The public can get involved by watching the video at mapacog.org/projects/i80pel and providing written comments online at i80PEL.digicate.com through August 12, 2020. Due to the coronavirus (COVID-19) pandemic, no in-person meetings are scheduled at this time.
The Sarpy County I-80 Interchange PEL Study began this summer and will continue through summer 2021. It will evaluate the need for a new interchange in Sarpy County south and west of Highway 370 and Highway 50. If a new interchange is needed, the study will explore and evaluate locations for it.
This effort will build on the results of previous studies, analyze traffic and land use, develop and evaluate alternatives and engage the public. Once the study is completed, future work may involve preparing National Environmental Policy Act (NEPA) documents, an Interchange Justification Report (IJR), design and construction.
The concept of a PEL study is to bring together the planning efforts conducted up to and during this stage and to integrate them into the environmental documentation process, or NEPA, and to help make that transition as smooth as possible. NEPA is a strict process law and requires specific protocols to be followed during project development, alternatives screening and evaluation of impacts. A PEL study offers a little more flexibility in the planning process, yet still requires enough detail to be gathered and considered.

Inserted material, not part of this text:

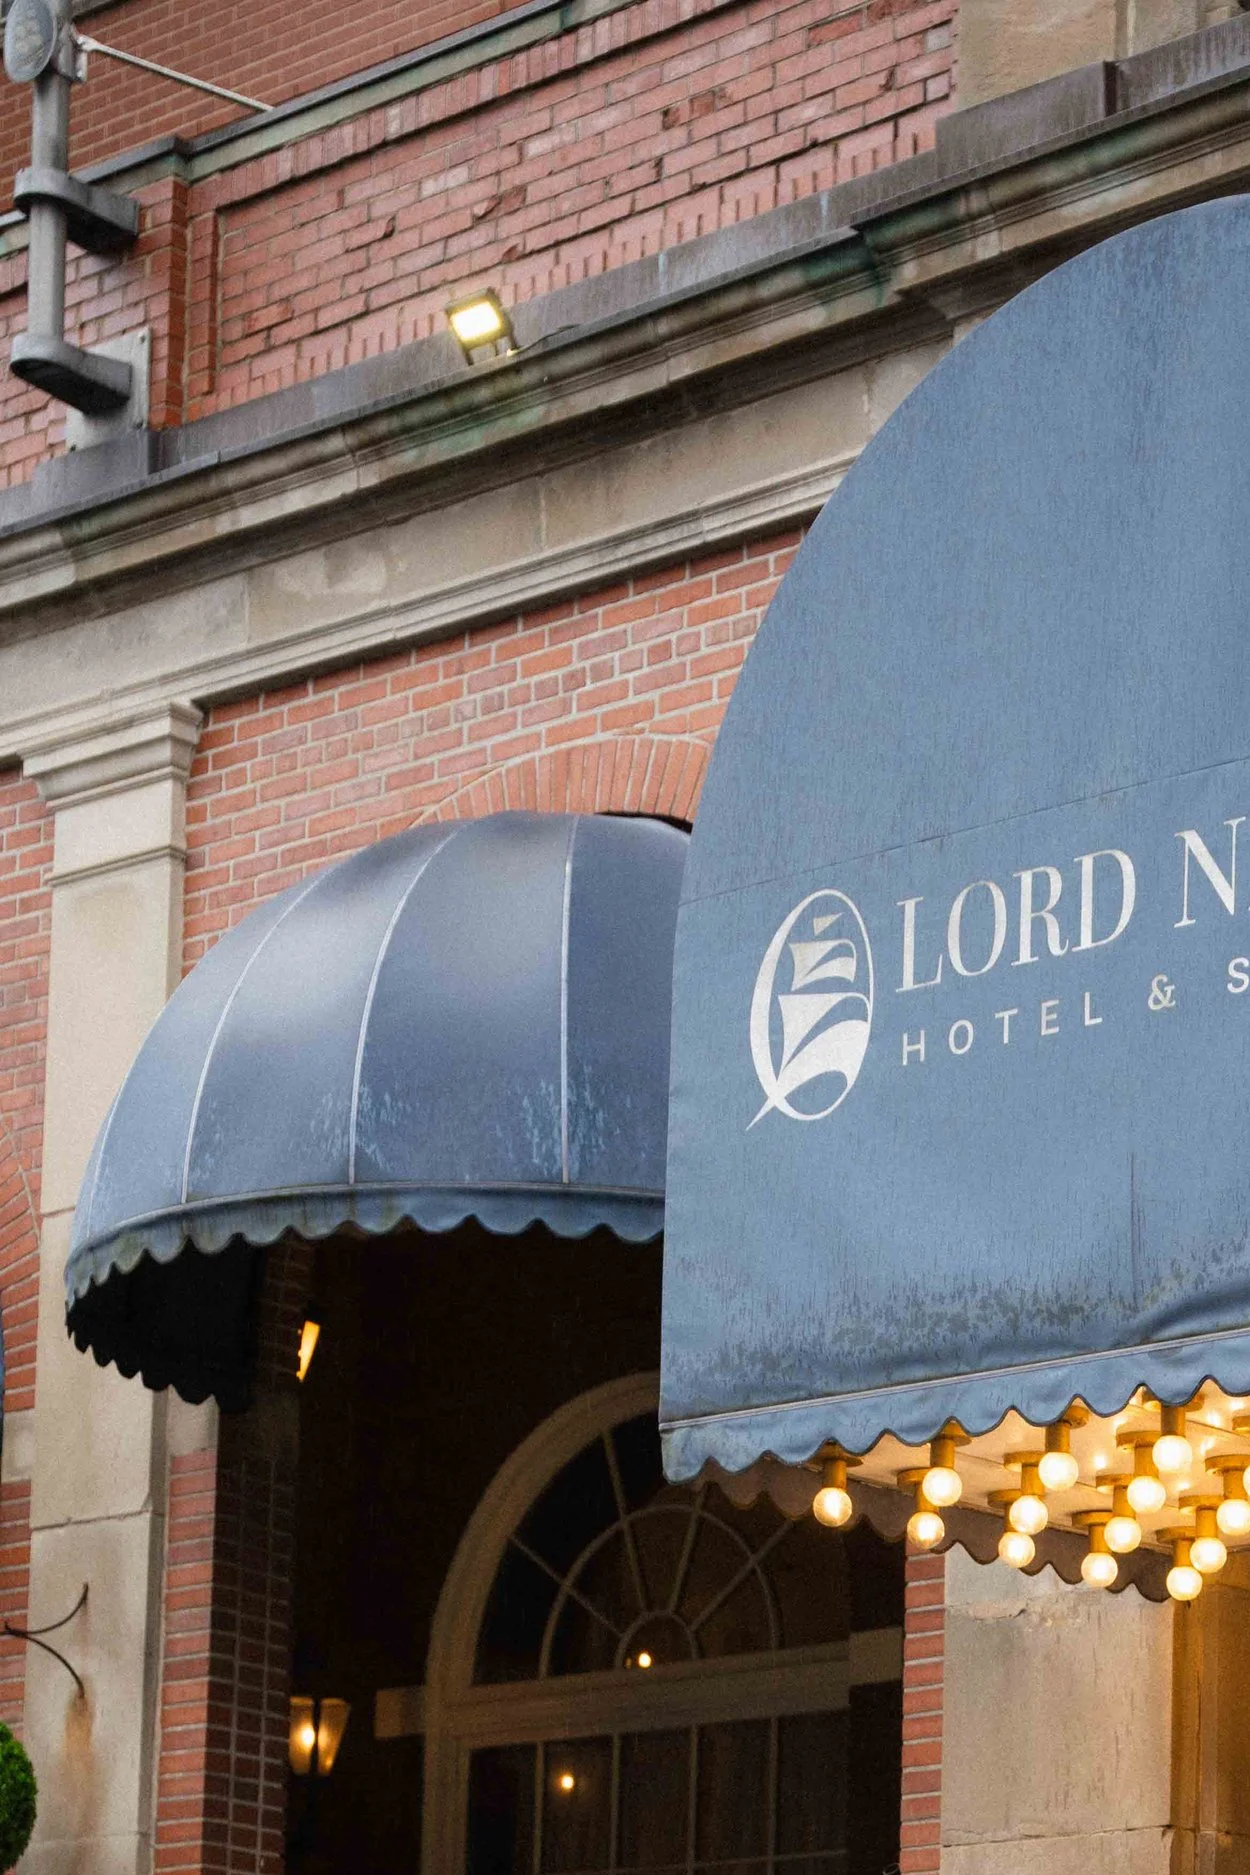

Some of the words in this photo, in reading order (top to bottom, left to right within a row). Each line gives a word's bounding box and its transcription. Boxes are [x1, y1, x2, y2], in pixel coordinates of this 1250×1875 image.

[896, 850, 1136, 993] LORD
[902, 991, 1103, 1066] HOTEL
[1147, 974, 1176, 1011] &
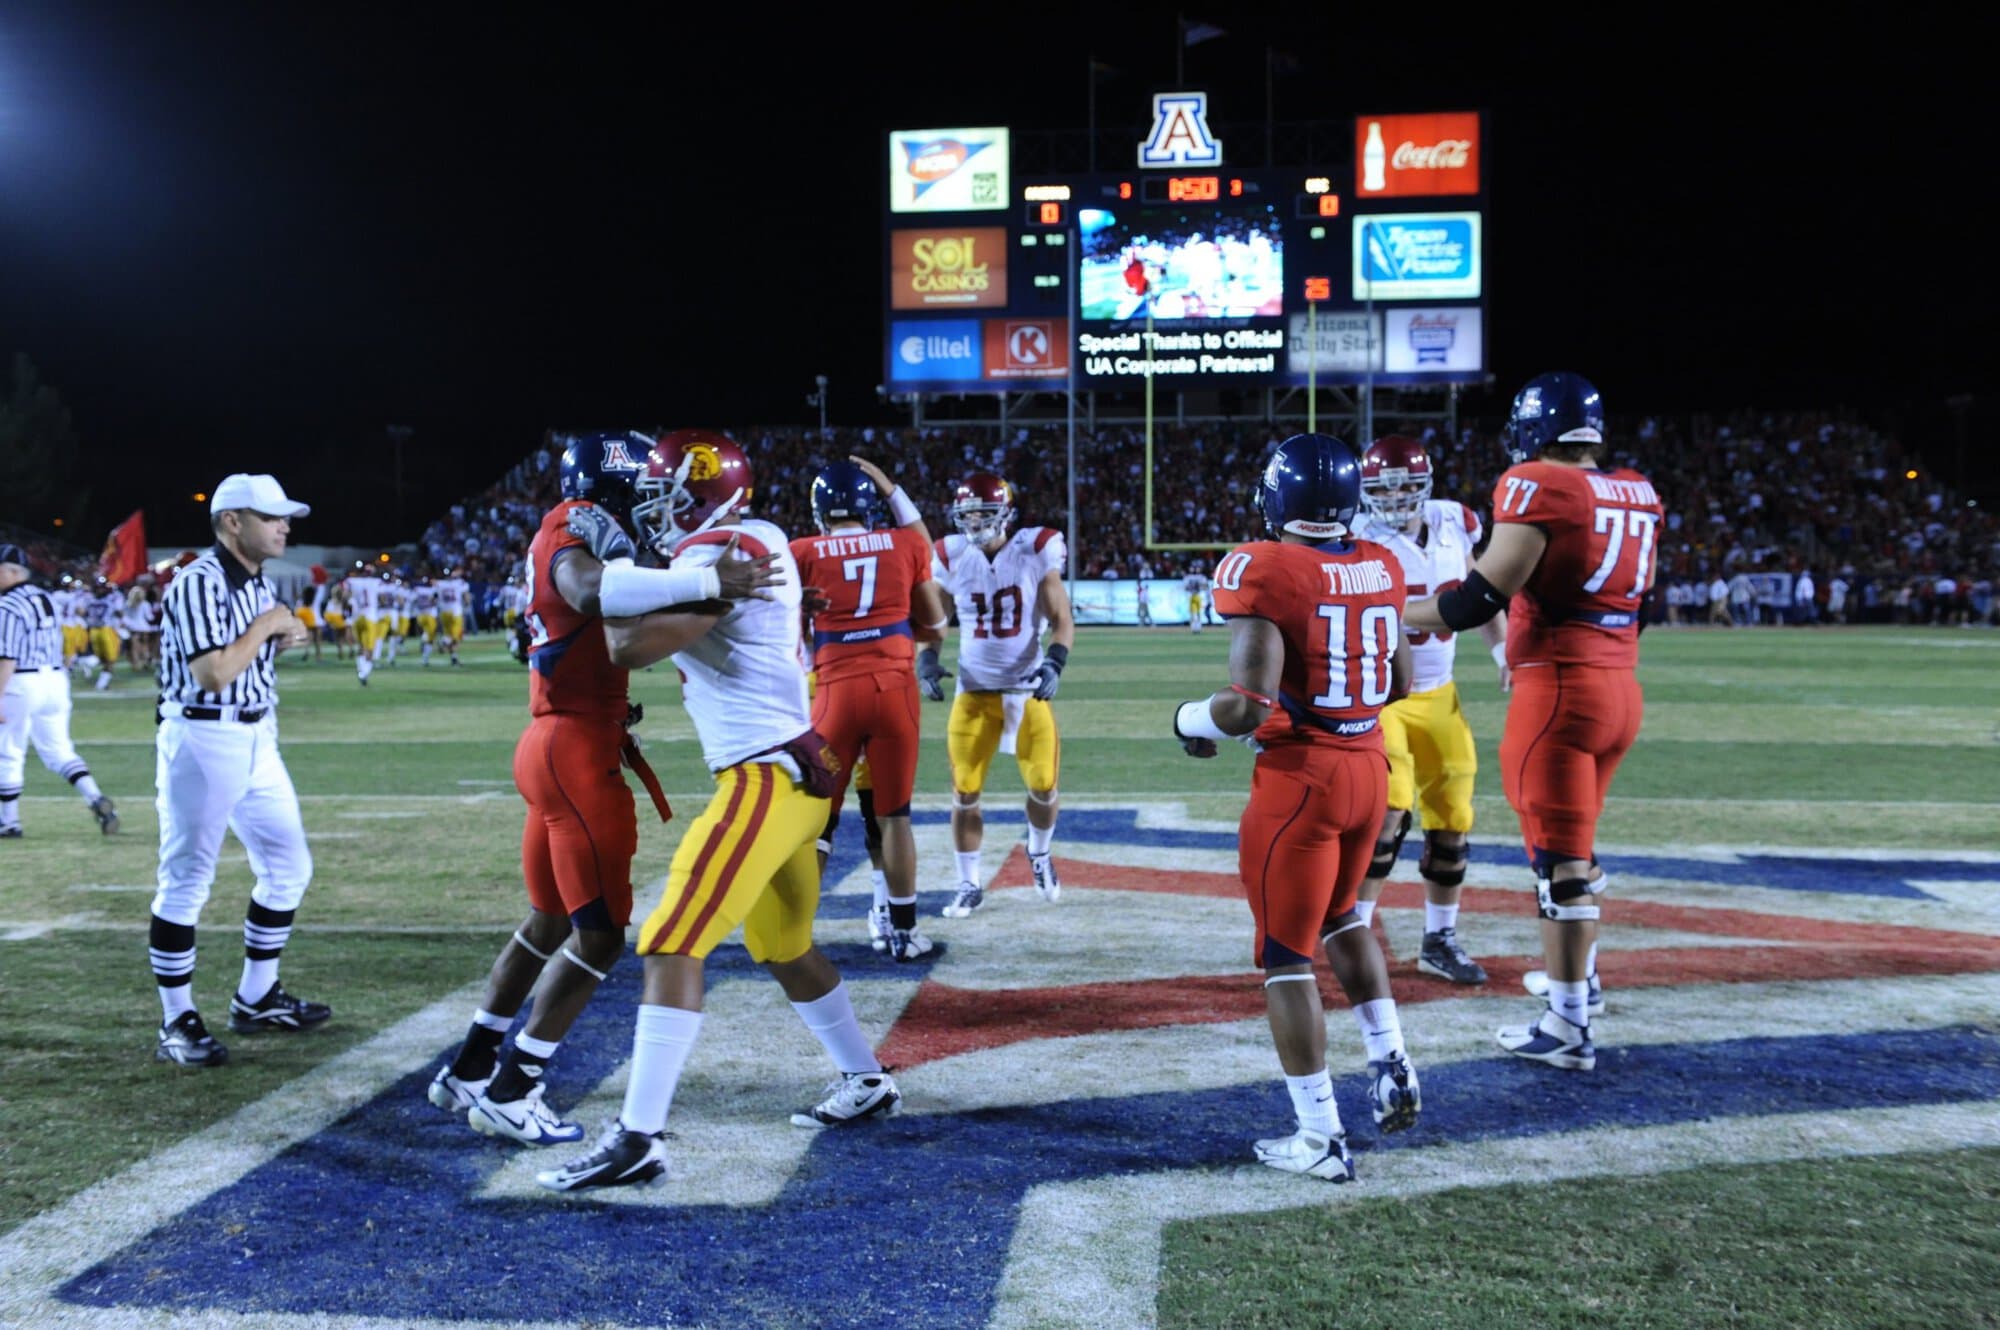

The results of the PEL study can inform, direct, and assist the NEPA process and decision makers when it comes to pursuing specific projects identified during the PEL process. This process is useful particularly when the number and/or types of projects are unknown, the costs or potential resources are unknown and the funding sources or impacts are unknown.
The PEL process can help identify these unknowns, direct decision makers to the appropriate NEPA document, and begin to lay the framework for avoiding impacts and identifying funding sources.